Sustainable fashion is blowing up on social media with influencers and celebrities, including the former actress Meghan Markle, now officially known as the Duchess of Sussex, making a bigger “well fashion” impact.
The future is all about natural fibres that are sustainably sourced, such as silk, linen, organic cotton, wool, alpaca, flax and hemp, as well as semi-synthetic and cellulosic fibres that break down more easily.
Wellness tourism has been booming in developing markets, including Asia-Pacific. Photo: Four Seasons
With overtourism being the No 1 issue facing the travel industry today, wellness tourism provides an antidote, introducing people to less trafficked, healthier destinations
More than 1.3 billion people travel internationally every year – up from 500 million trips in 1995. The good and bad news is that more and more people are spending their new-found wealth on travel.
Luckily some countries and cities are moving the focus away from their overrun tourist spots, and shifting it to wellness destinations.
Governments have started to look towards wellness tourism to diversify their tourist market, carving out a niche, reducing seasonality, combating overtourism, and bringing some of that budget to local communities.
According to the Global Wellness Institute’s Global Wellness Tourism Economy report, “Wellness tourism growth is very much a tale of developing markets, with Asia-Pacific, Latin America-Caribbean, Middle East-North Africa, and Sub-Saharan Africa accounting for 57 per cent of the increase in wellness trips since 2015.
Over the past five years, Asia is the number one growth sector in both wellness tourism trips and revenues.”
Even in the most populated cities, people need to unwind. And numerous top wellness brands are moving beyond their remote locations to set up shop in the bustling cities.
Aman is already in Tokyo; Six Senses recently opened in Singapore; and both wellness brands are about to open hotels in New York in 2020.
One&Only also recently announced that it will include One&Only Urban Resorts soon, with its first in Dubai. Fivelements, which runs an eco-wellness resort in Bali, is launching Fivelements Habitats in Hong Kong.

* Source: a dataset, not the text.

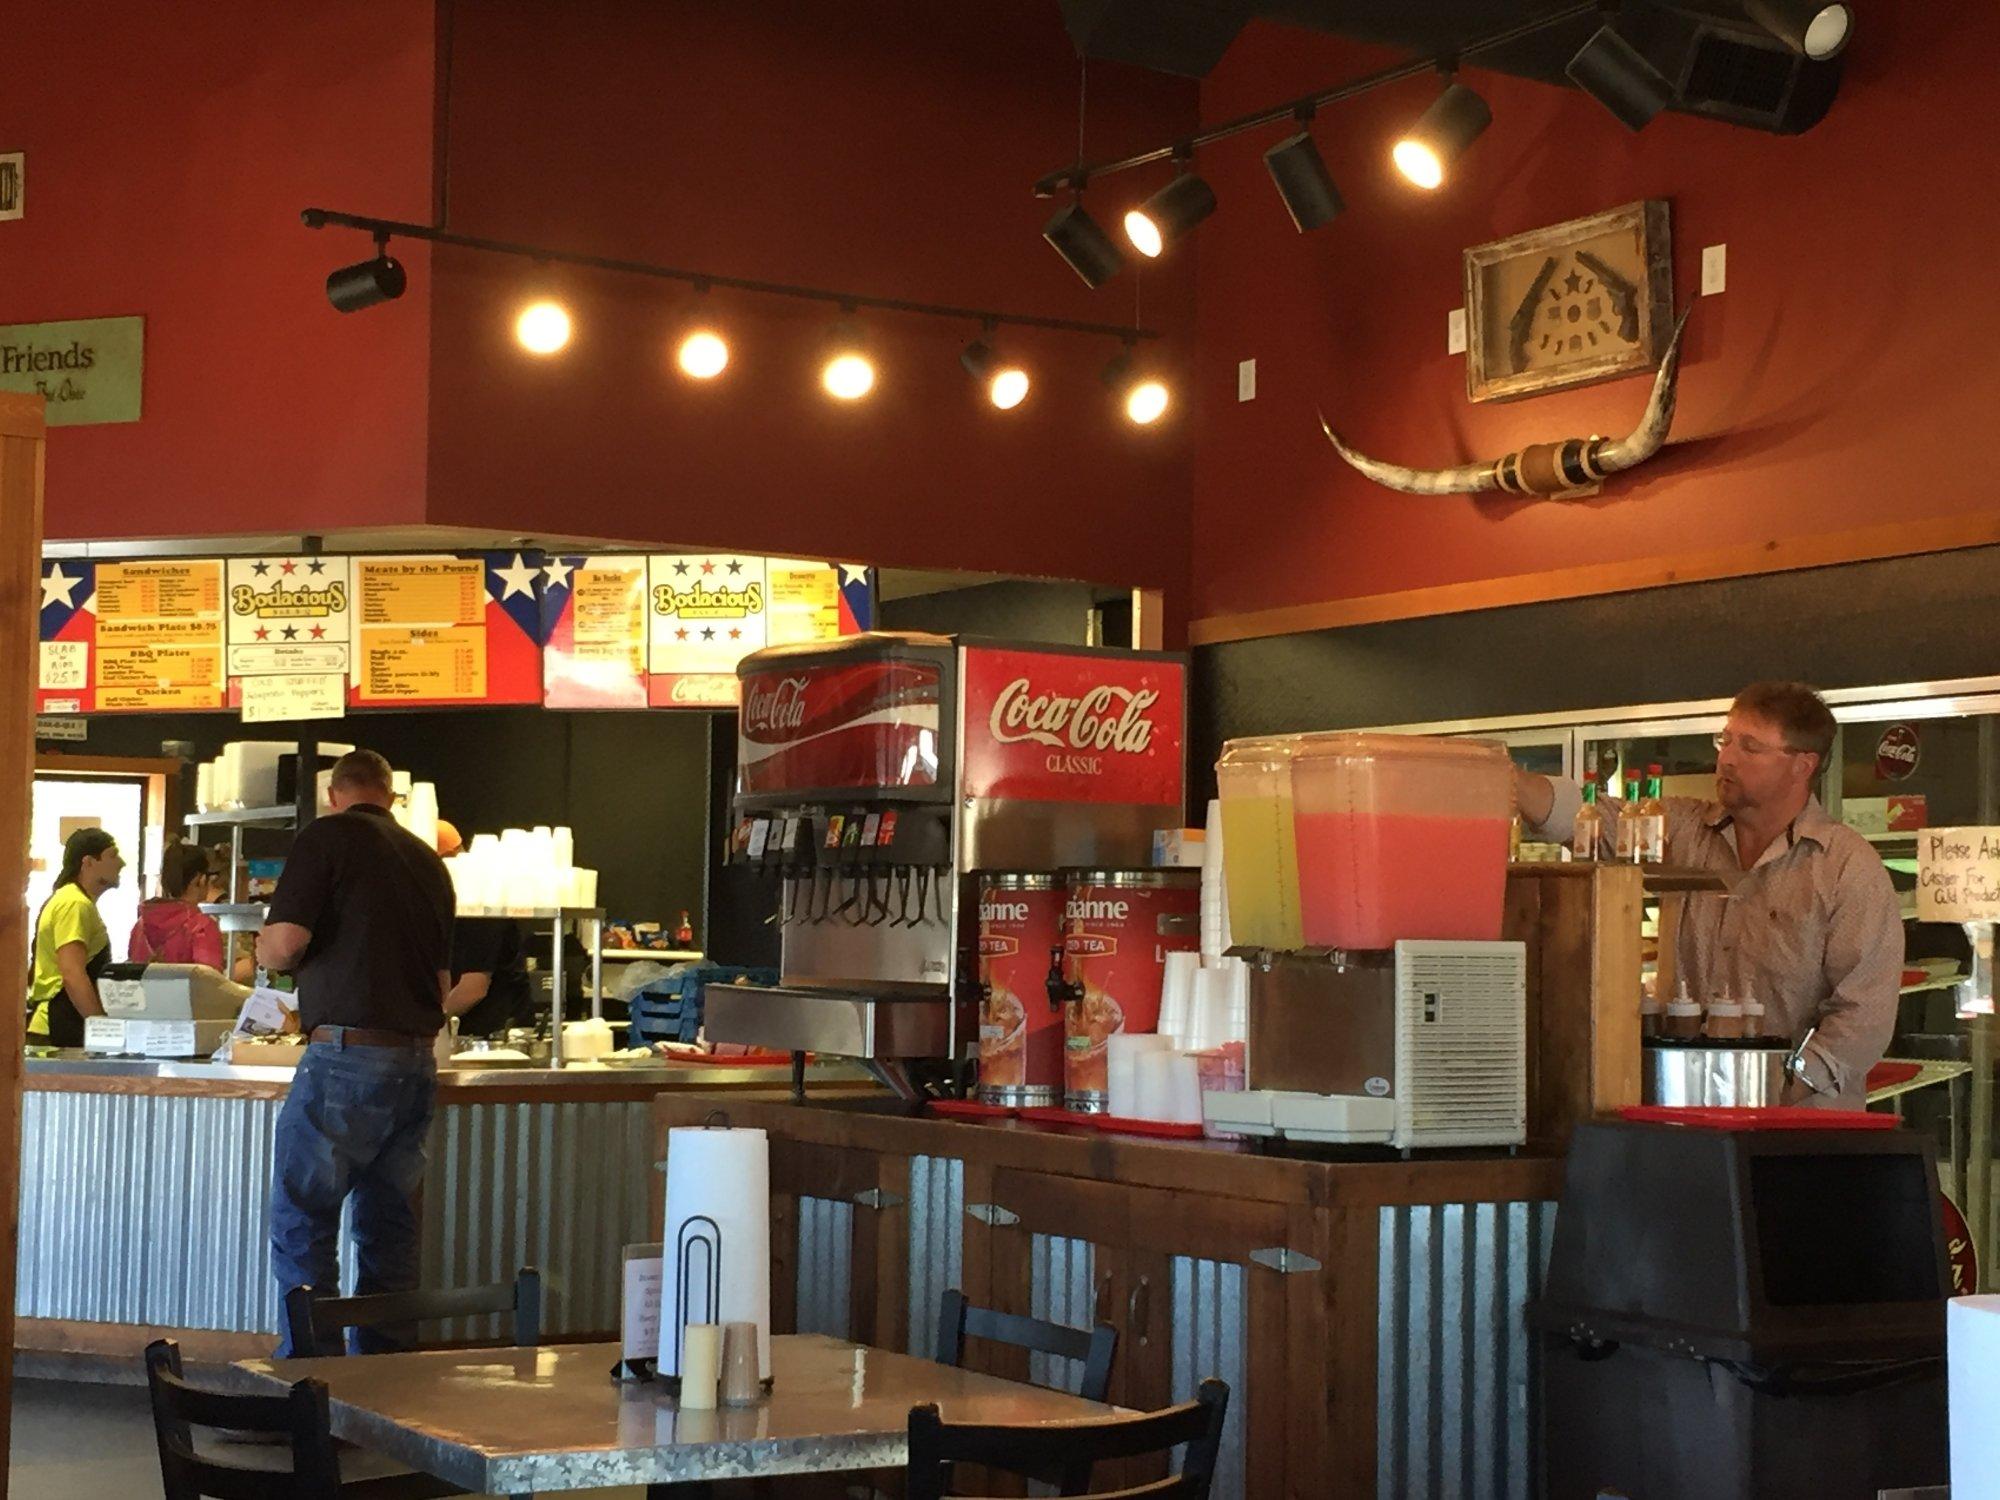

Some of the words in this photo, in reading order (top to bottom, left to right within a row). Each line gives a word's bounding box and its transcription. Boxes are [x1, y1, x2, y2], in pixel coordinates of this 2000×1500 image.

Meditation – as a way to relax and reduce stress – is the fastest growing wellness trend in the United States. Photo: Keegan by Houser
People get clearer about the core meditation types and the impact they have on the brain
Meditation is now the fastest-growing wellness trend in America, and meditation brands, studios, and apps are on the rise around the globe.
The US technology company, Apple, named mental wellness and mindfulness apps the No 1 app trend in 2018.

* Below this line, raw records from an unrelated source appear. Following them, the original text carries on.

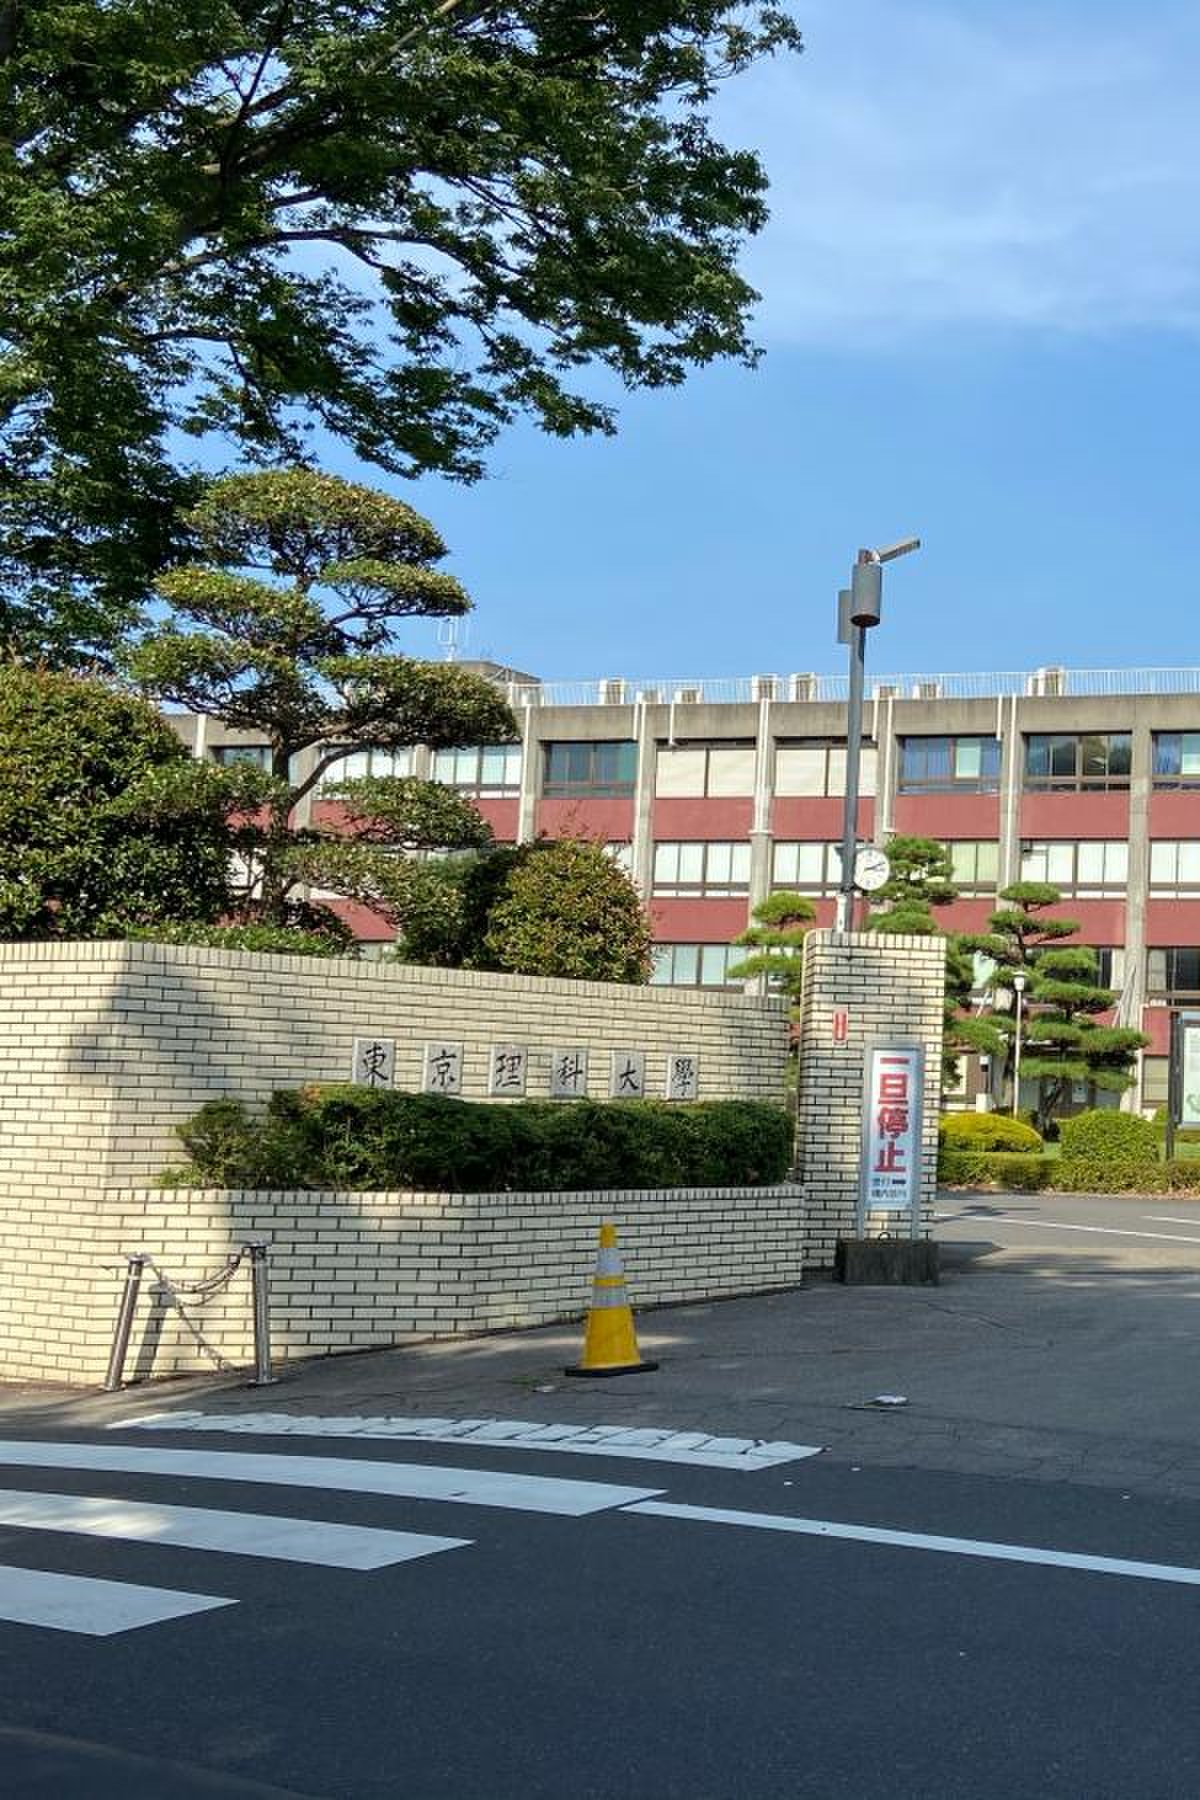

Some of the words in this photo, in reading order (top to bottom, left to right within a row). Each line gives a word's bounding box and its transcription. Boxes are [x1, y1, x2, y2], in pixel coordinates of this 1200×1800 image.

[361, 1044, 694, 1096] 東京理科大學
[874, 1056, 909, 1172] 一旦停止
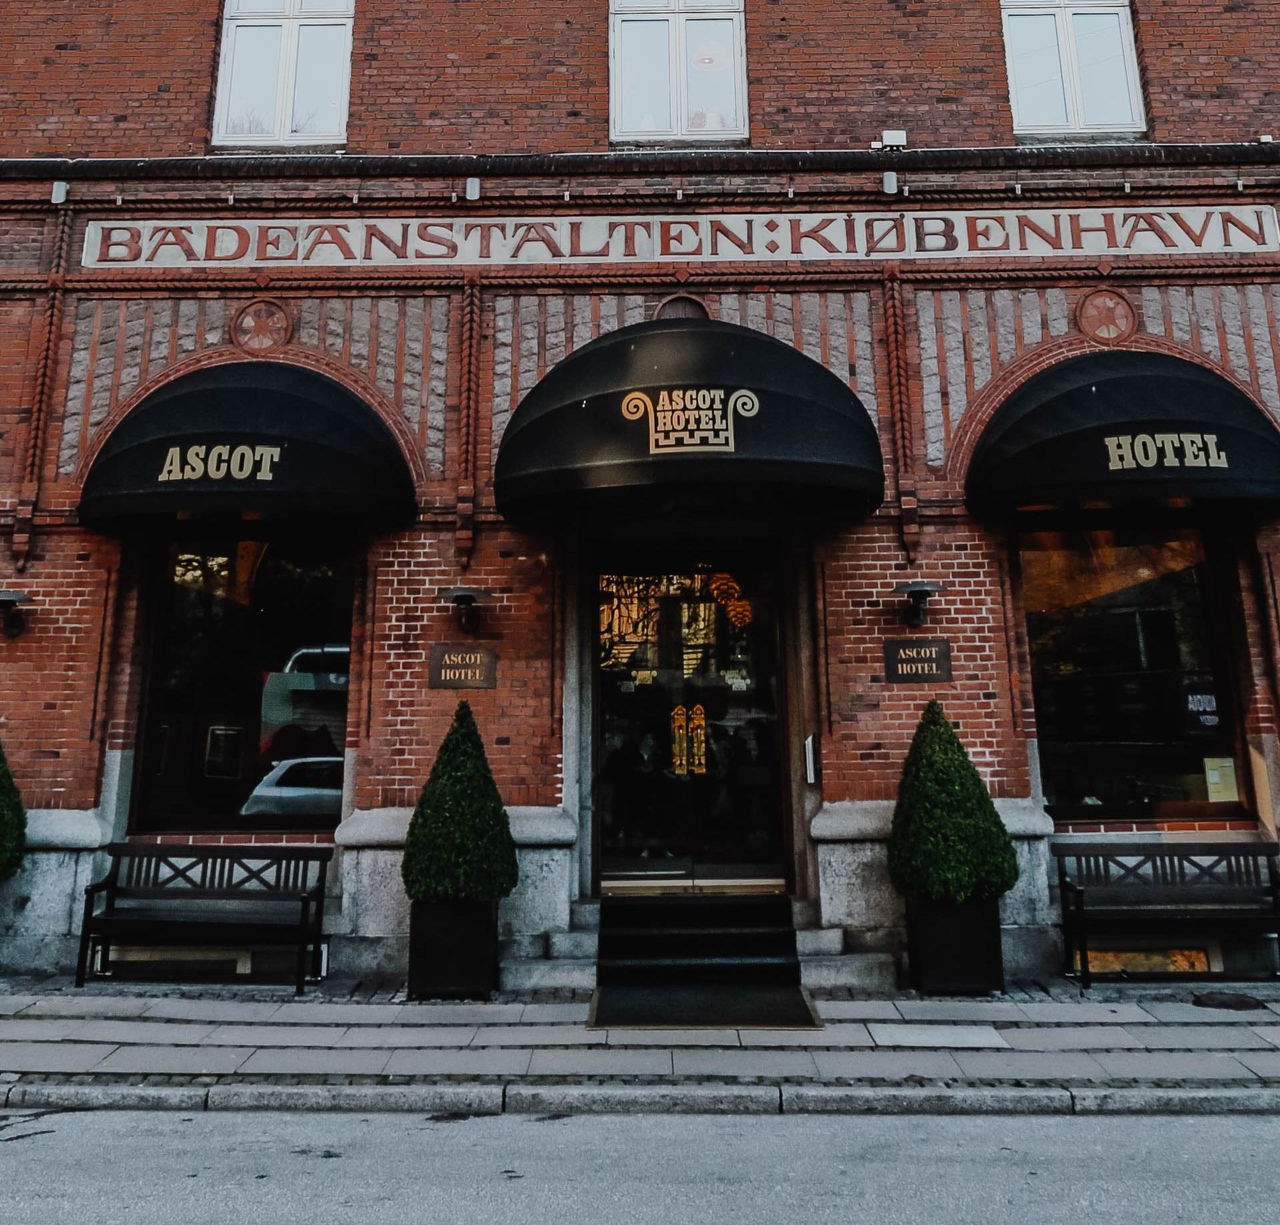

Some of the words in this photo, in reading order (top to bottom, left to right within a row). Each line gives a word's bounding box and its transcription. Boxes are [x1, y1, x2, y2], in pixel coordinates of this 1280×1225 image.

[657, 389, 725, 411] ASCOT
[657, 410, 727, 431] HOTEL
[1104, 433, 1229, 471] HOTEL
[157, 444, 281, 482] ASCOT
[442, 653, 483, 665] ASCOT
[898, 647, 938, 659] ASCOT
[441, 668, 484, 681] HOTEL
[898, 662, 940, 674] HOTEL

Meditation will move from a singular to a plural practice, where several types are highlighted and people start to understand the brain mechanisms and results of these specific mediation types.

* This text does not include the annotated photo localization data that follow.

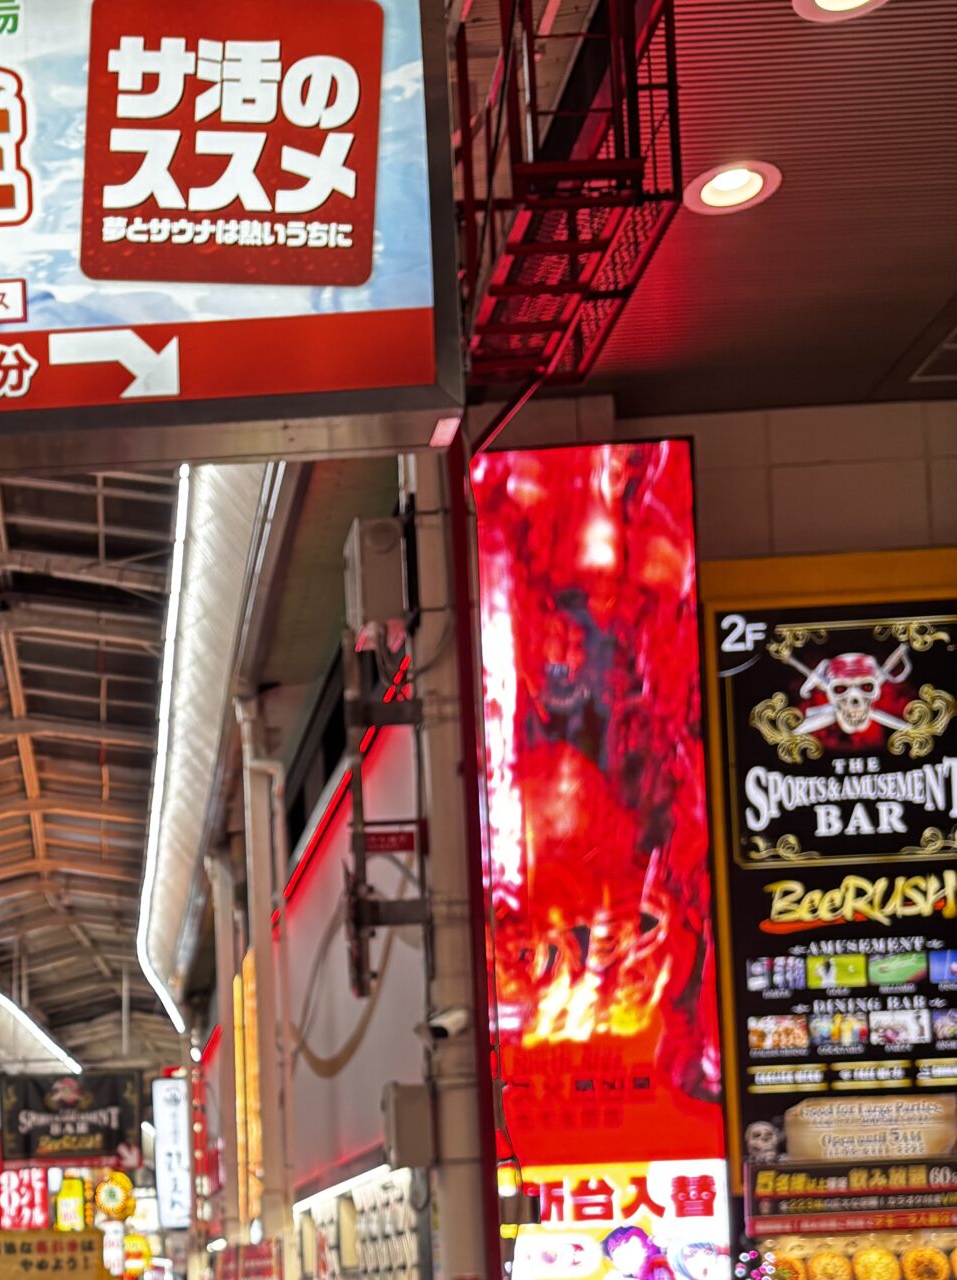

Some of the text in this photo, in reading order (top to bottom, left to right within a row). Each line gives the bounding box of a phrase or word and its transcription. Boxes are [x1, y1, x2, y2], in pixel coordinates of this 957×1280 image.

[108, 36, 360, 128] サ活の
[102, 128, 356, 213] ススメ
[102, 216, 353, 248] 夢とサウナは熱いうちに
[720, 613, 767, 653] 2F
[831, 757, 880, 775] THE
[814, 801, 908, 838] BAR

Rates of anxiety and depression are increasing at a dizzying rate, and research shows that meditation’s impact on stress and overall mood is too promising, and the world is in desperate need for low-cost solutions with no side effects.
Meditation produces changes in brain circuits regulating emotion, reducing stress markers, such as cortisol. Just a few years ago, meditation was an alternative activity for wellness insiders in the know, but it is now gaining the momentum that yoga did 20 years ago.
We will focus on three types of meditation classifications, such as focused attention open monitoring and self-transcending.
While there are hundreds, if not thousands, of meditation practices and brands, the three distinct categories represent the generally agreed-upon and best-studied mechanisms we can find in the increasingly crowded meditation market.
Numerous luxury hotels are including outdoor activities for guests in their wellness programmes. Photo: Milada Vigerova
Nature is our medicine. There is enough science about the health benefits of nature to get the attention of the medical profession
Wouldn’t it be interesting if we went to the doctor and, instead of a prescription for some pharmaceutical, we would receive a prescription for a 30-minute walk in nature? Actually, we might not be so far away from this scenario.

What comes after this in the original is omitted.